Fundada por Alejandro Magno en 331 a.C., en parte por su deseo de acercar Egipto al mundo griego y en parte porque quería un puerto que no se viera afectado por las inundaciones del Nilo.

Alejandría fue pensada desde el principio como una “megalópolis”, construida en forma de chlamys, una capa militar Macedonia, y  provista de murallas que se extenderían “sin cesar” en la distancia, con las calles tan amplias como nunca se había visto, basada en el diseño aristotélico de la ciudad ideal (una cuadrícula dispuesta de tal manera que se beneficiara de las brisas marinas, pero proporcionara refugio frente al viento).

Un tercio de la ciudad era “territorio real”, y ésta constituía un centro de comercio convenientemente situado en el extremo oriental del Mediterráneo, cerca del lugar en el que el Nilo y el mar Rojo conforman un cruce de caminos internacional, y donde muchas caravanas procedentes del interior de África y de Asia convergían en la costa.

Disponía de dos puertos, uno de los cuales ostentaba el famoso faro de casi cuarenta y cinco metro de alto, una de las maravillas del mundo antiguo, que podía ser visto desde una distancia de más de cincuenta kilómetros.

Tras la muerte de Alejandro, sus generales se pelearon entre sí, lo que finalizó con una división del imperio en la que Selenco se hizo con el control de la parte septentrional, incluidos Israel y Siria, mientras que los territorios egipcios quedaron bajo el control de Ptolomeo I, al menos desde el año 306 a.C.

Con todo, Alejandría era principalmente famosa como centro de conocimiento.   Según la tradición, el mismo Alejandro, cuando hubo decidido cuál era el lugar ideal para su nueva ciudad, ordenó también la construcción en ella de una gran Biblioteca dedicada a las musas.

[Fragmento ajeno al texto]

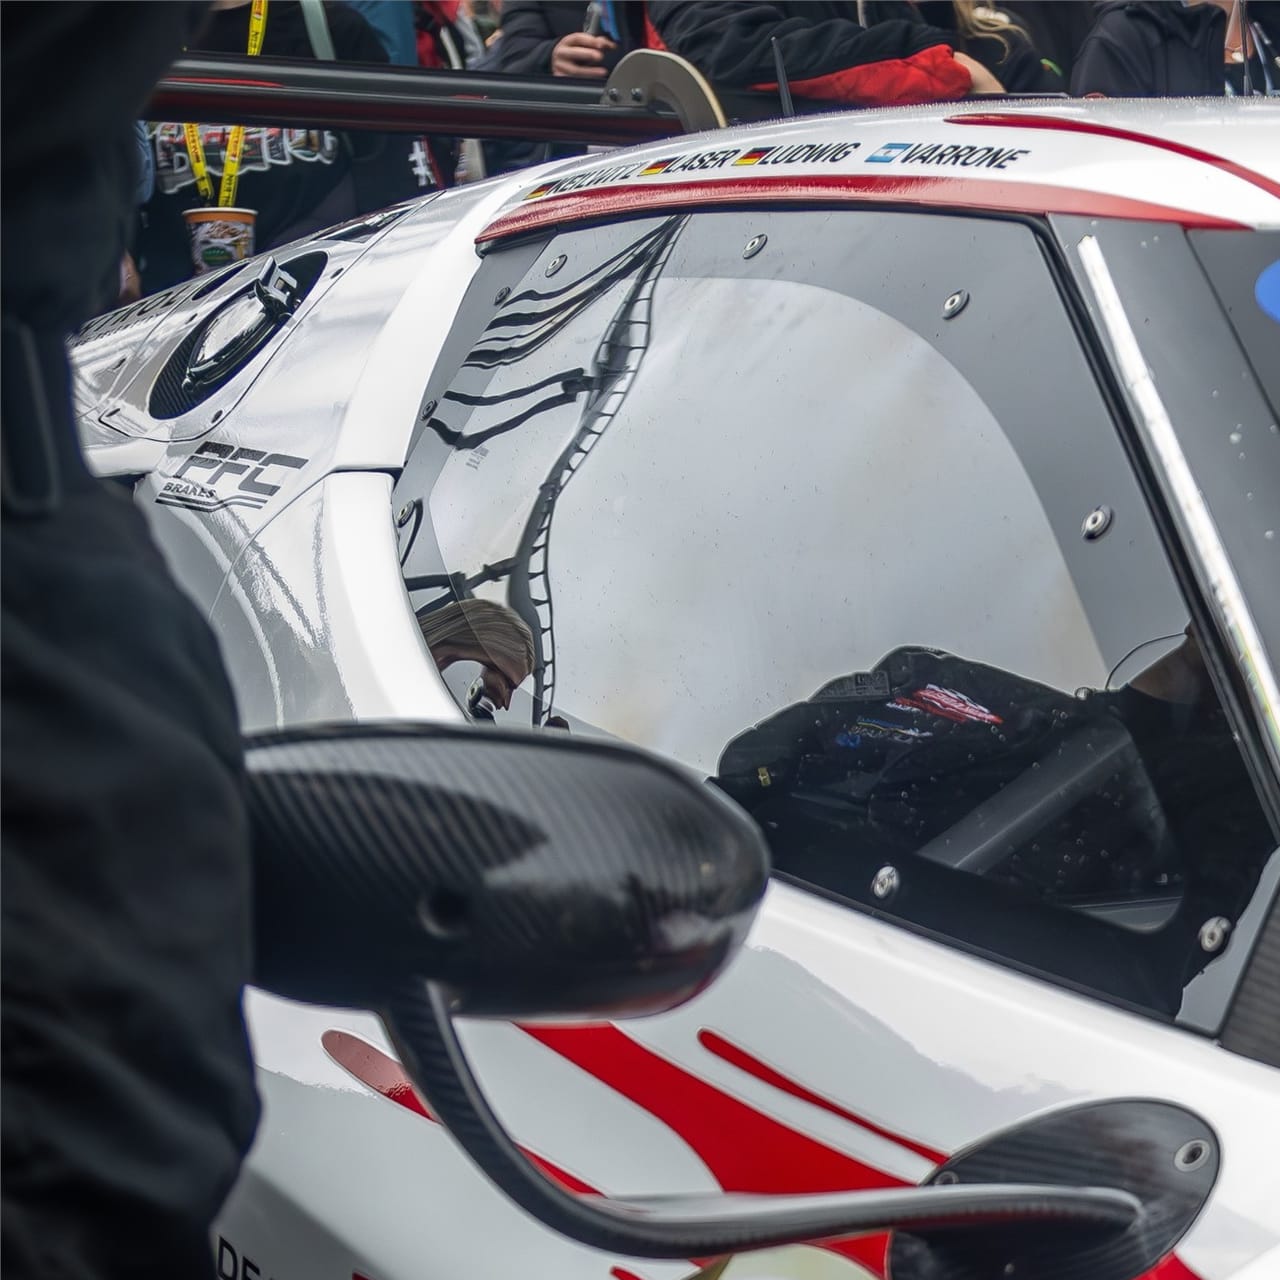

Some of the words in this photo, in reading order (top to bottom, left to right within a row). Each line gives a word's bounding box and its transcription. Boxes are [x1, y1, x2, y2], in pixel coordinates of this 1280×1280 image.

La idea no era nueva: en Babilonia se habían reunido diversas bibliotecas y otras habían surgido en diversos lugares del Mediterráneo, en particular en Pérgamo y Efeso.  No obstante, desde el principio la ambición era mayor en Alejandría que en cualquier otro lugar y, en palabras de un estudioso, lo que se organizó allí fue una verdadera “fuente del conocimiento”.  Ya en 283 a.C. había un sínodos, una comunidad de entre treinta y cincuenta hombres instruidos (sólo hombres), vinculado a la biblioteca y dotado de especiales privilegios: los estudiosos estaban exentos del pago de impuestos y podían abastecerse y hospedarse gratis en el sector real de la ciudad.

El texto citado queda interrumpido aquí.